## EXTRACTED INFORMATION

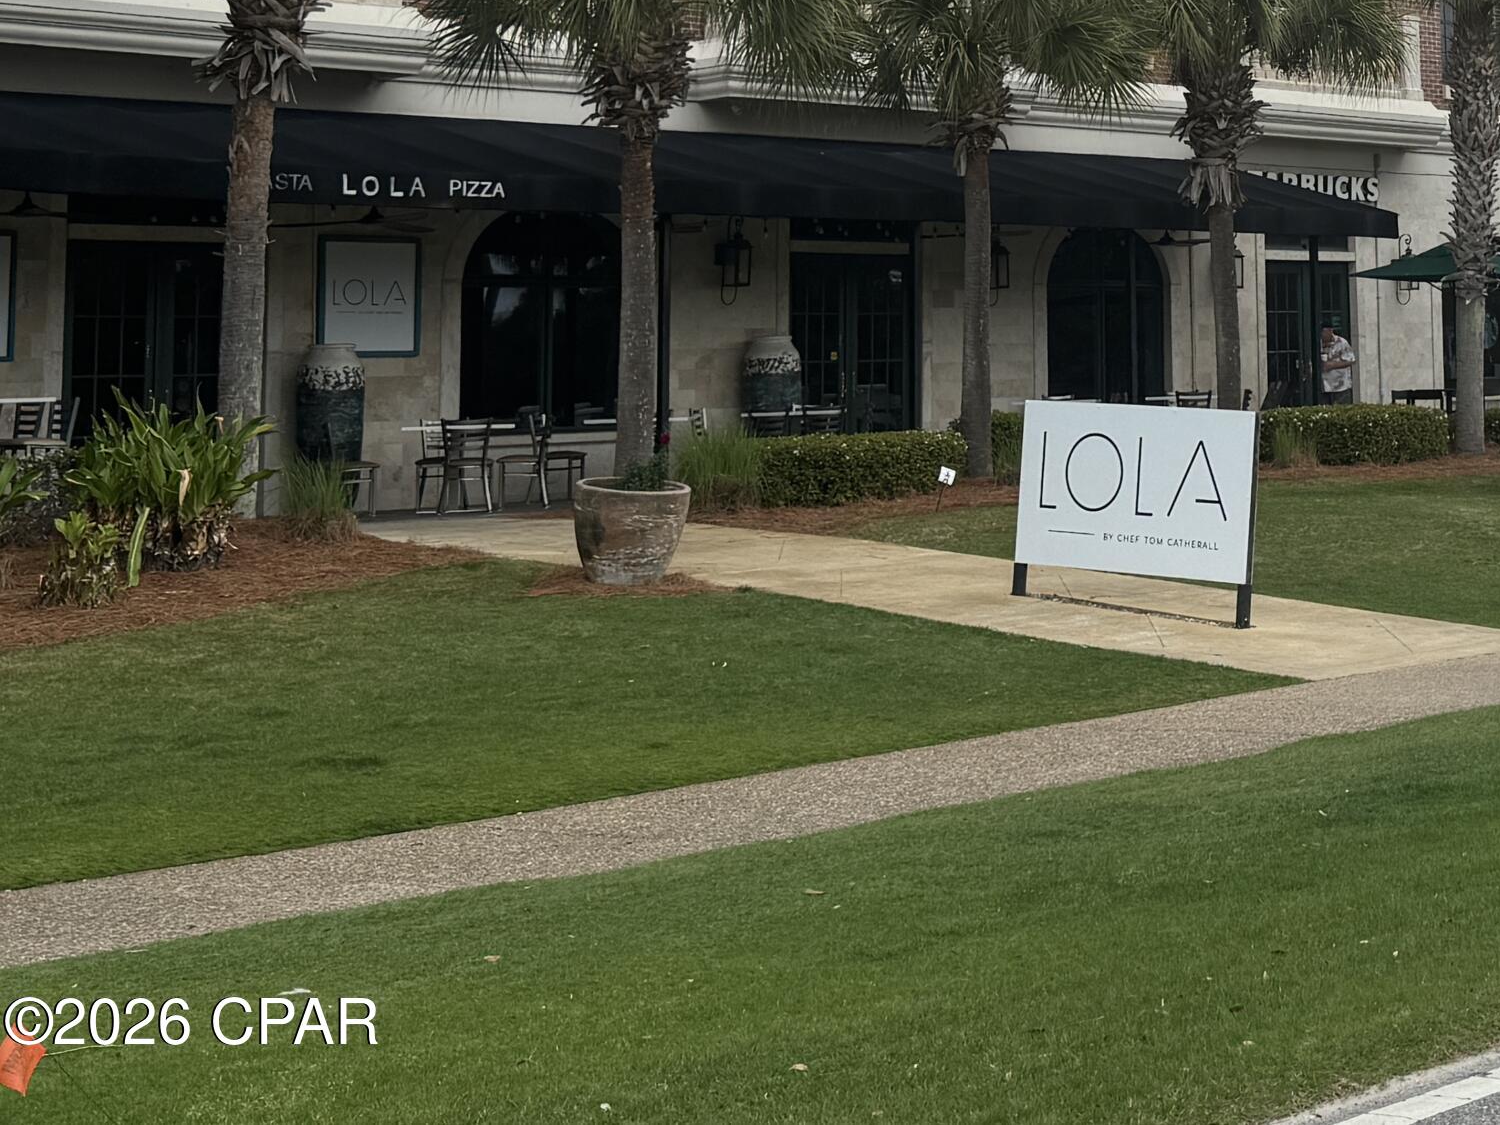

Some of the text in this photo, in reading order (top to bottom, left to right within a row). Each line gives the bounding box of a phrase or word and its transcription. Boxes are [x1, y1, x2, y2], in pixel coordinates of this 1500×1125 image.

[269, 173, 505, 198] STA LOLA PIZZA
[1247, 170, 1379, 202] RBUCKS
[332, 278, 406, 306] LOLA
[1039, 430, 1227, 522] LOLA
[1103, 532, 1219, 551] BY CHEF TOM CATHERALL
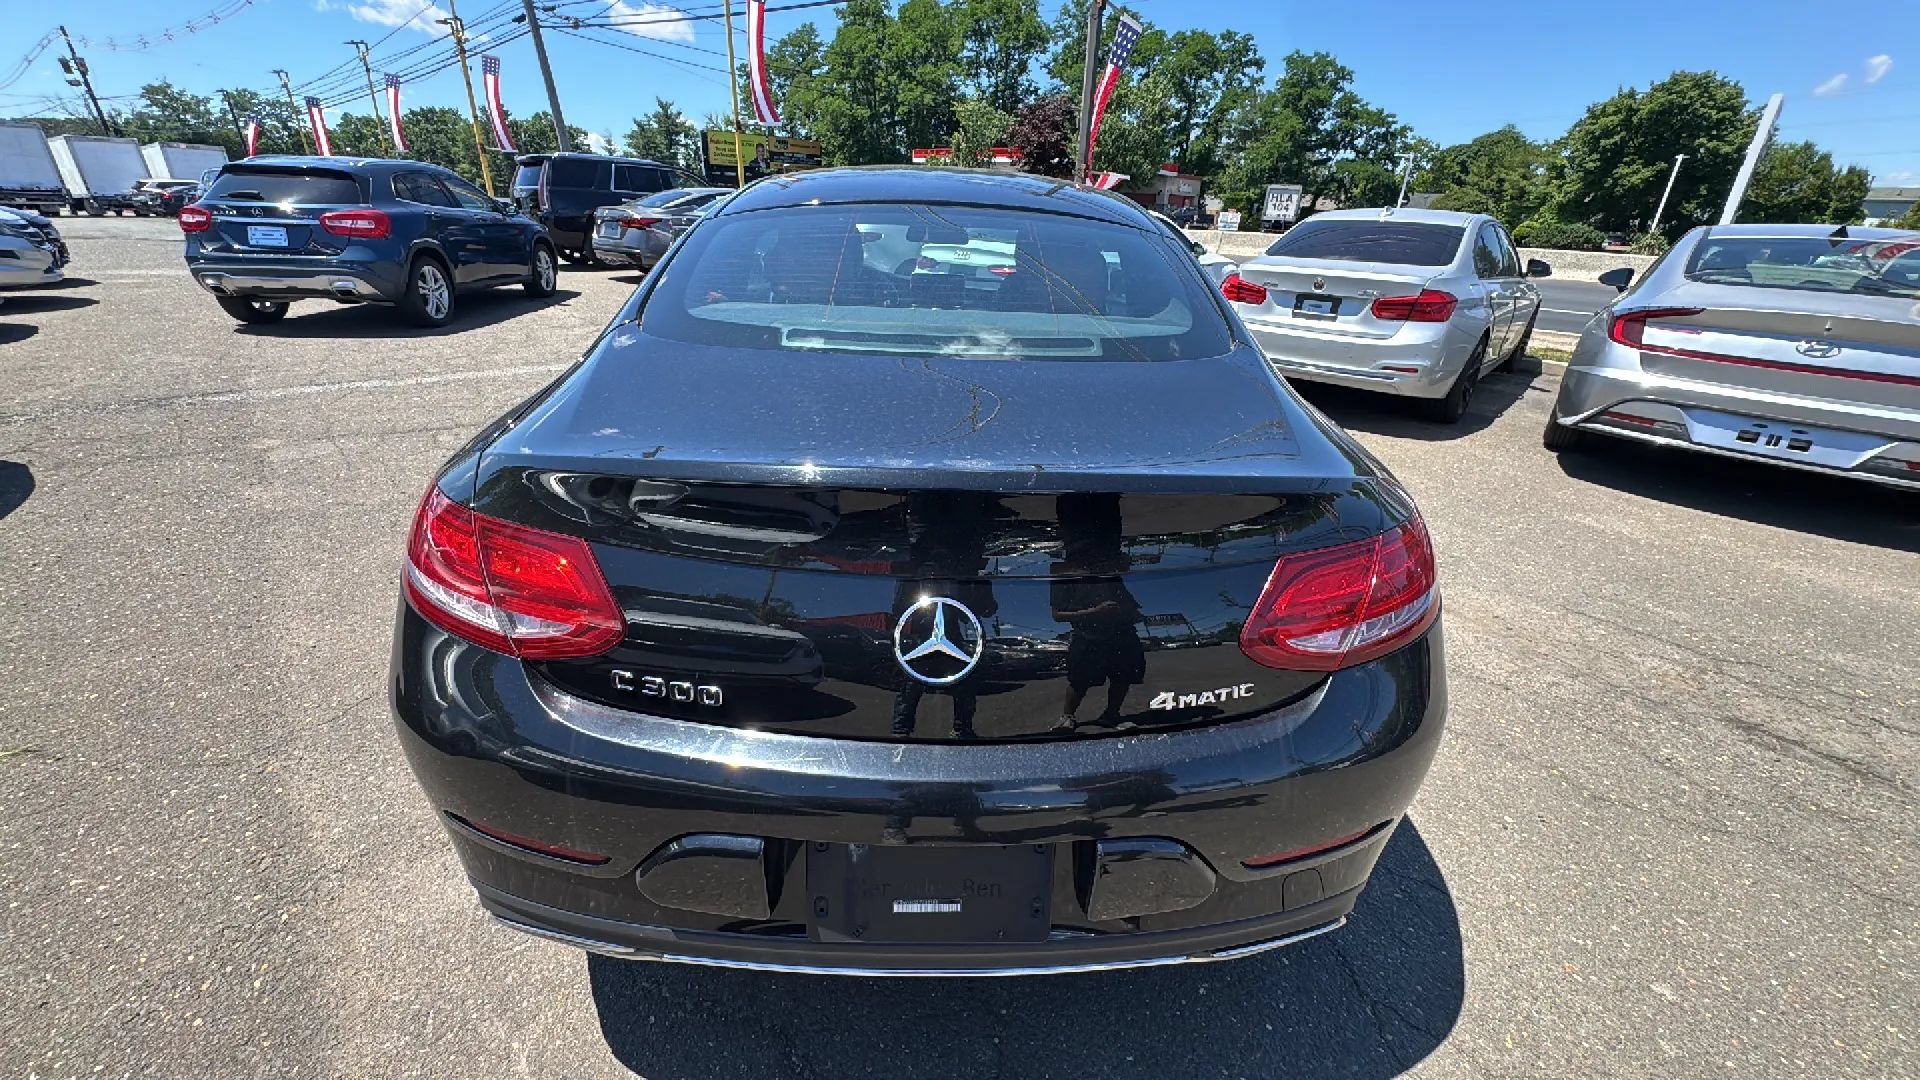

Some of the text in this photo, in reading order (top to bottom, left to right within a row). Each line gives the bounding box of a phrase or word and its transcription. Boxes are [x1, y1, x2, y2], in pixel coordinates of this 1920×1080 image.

## WORK TO COMPLETE
So that the copy stays exact, reproduce each record word for word and leave its images out.

## RESULT
Some of the text in this photo, in reading order (top to bottom, left to right within a row). Each line gives the bounding box of a phrase or word and its transcription. Boxes are [x1, y1, x2, y2], in pixel coordinates of this 1500×1125 image.

[269, 173, 505, 198] STA LOLA PIZZA
[1247, 170, 1379, 202] RBUCKS
[332, 278, 406, 306] LOLA
[1039, 430, 1227, 522] LOLA
[1103, 532, 1219, 551] BY CHEF TOM CATHERALL

Some of the text in this photo, in reading order (top to bottom, left to right within a row). Each line gives the bounding box of a phrase or word and its transcription. Boxes are [x1, y1, x2, y2], in pixel coordinates of this 1920×1080 image.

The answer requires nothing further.